Exercise directions: For every line below, restate it exactly and drop the images.

----

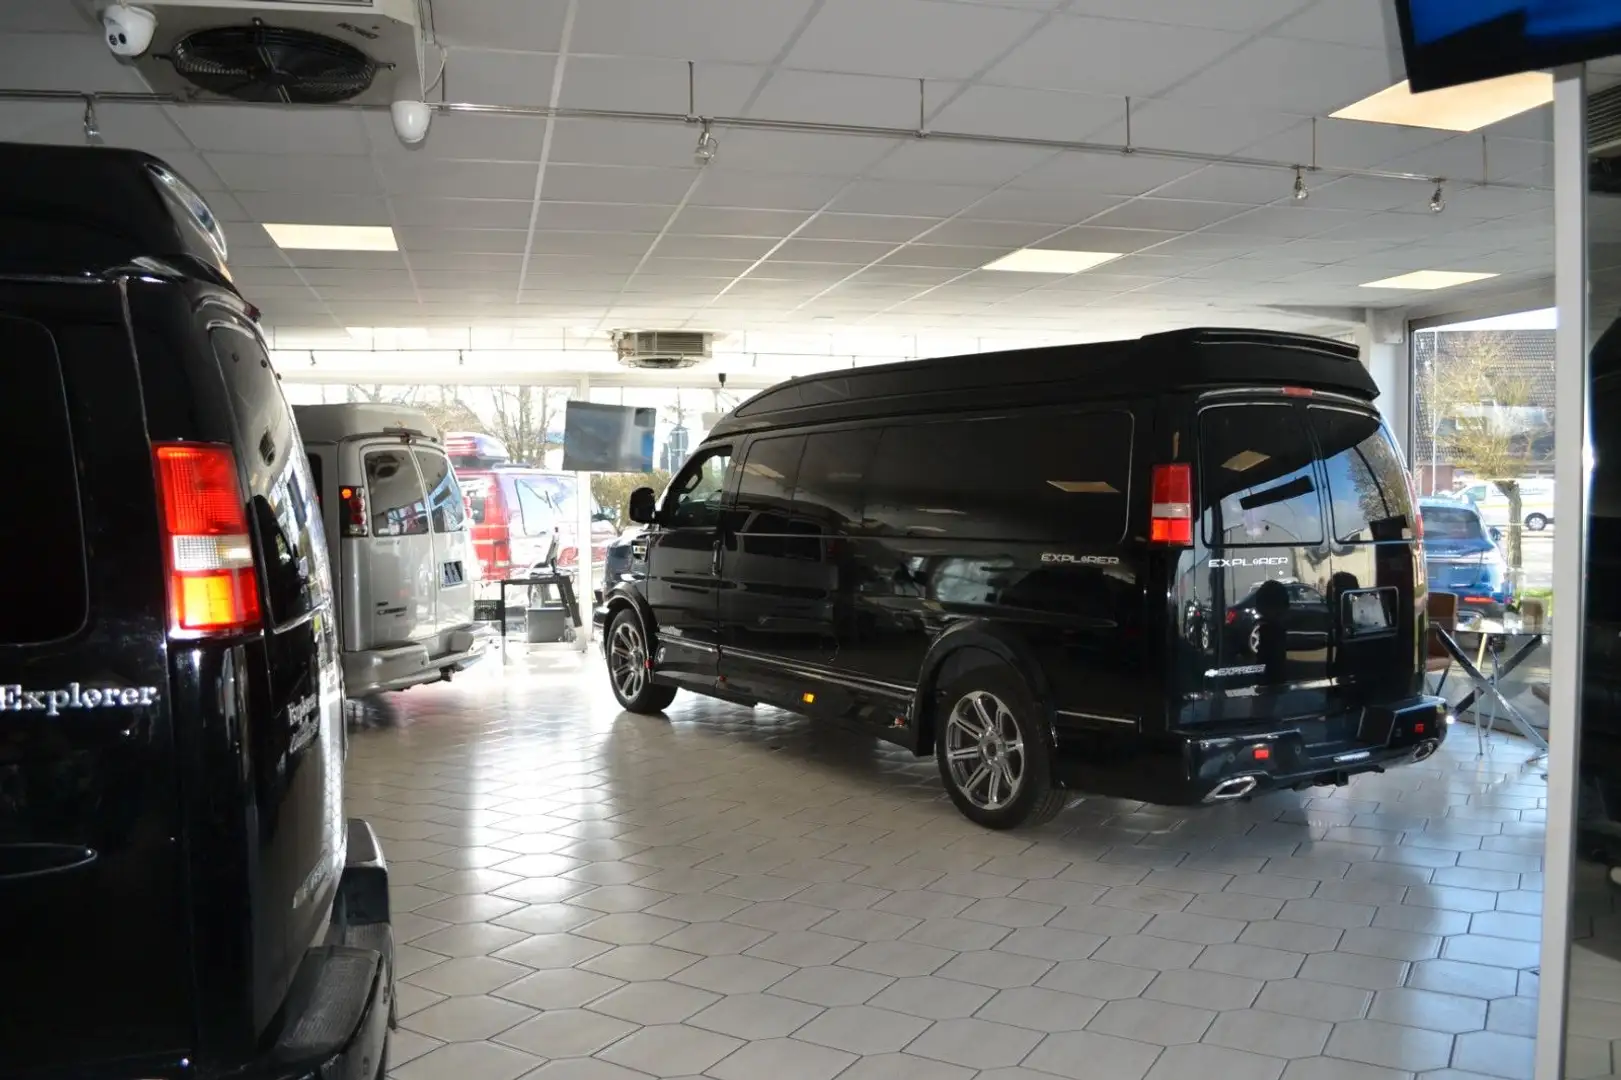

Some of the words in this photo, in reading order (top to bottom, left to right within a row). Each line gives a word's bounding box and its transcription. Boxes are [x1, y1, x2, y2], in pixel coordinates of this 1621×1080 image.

[1041, 553, 1120, 566] EXPLORER
[1208, 556, 1289, 568] EXPLORER
[1219, 664, 1267, 677] EXPRESS
[0, 681, 158, 716] Explorer

----

Output:
Some of the words in this photo, in reading order (top to bottom, left to right within a row). Each line gives a word's bounding box and its transcription. Boxes are [x1, y1, x2, y2], in pixel coordinates of this 1621×1080 image.

[1041, 553, 1120, 566] EXPLORER
[1208, 556, 1289, 568] EXPLORER
[1219, 664, 1267, 677] EXPRESS
[0, 681, 158, 716] Explorer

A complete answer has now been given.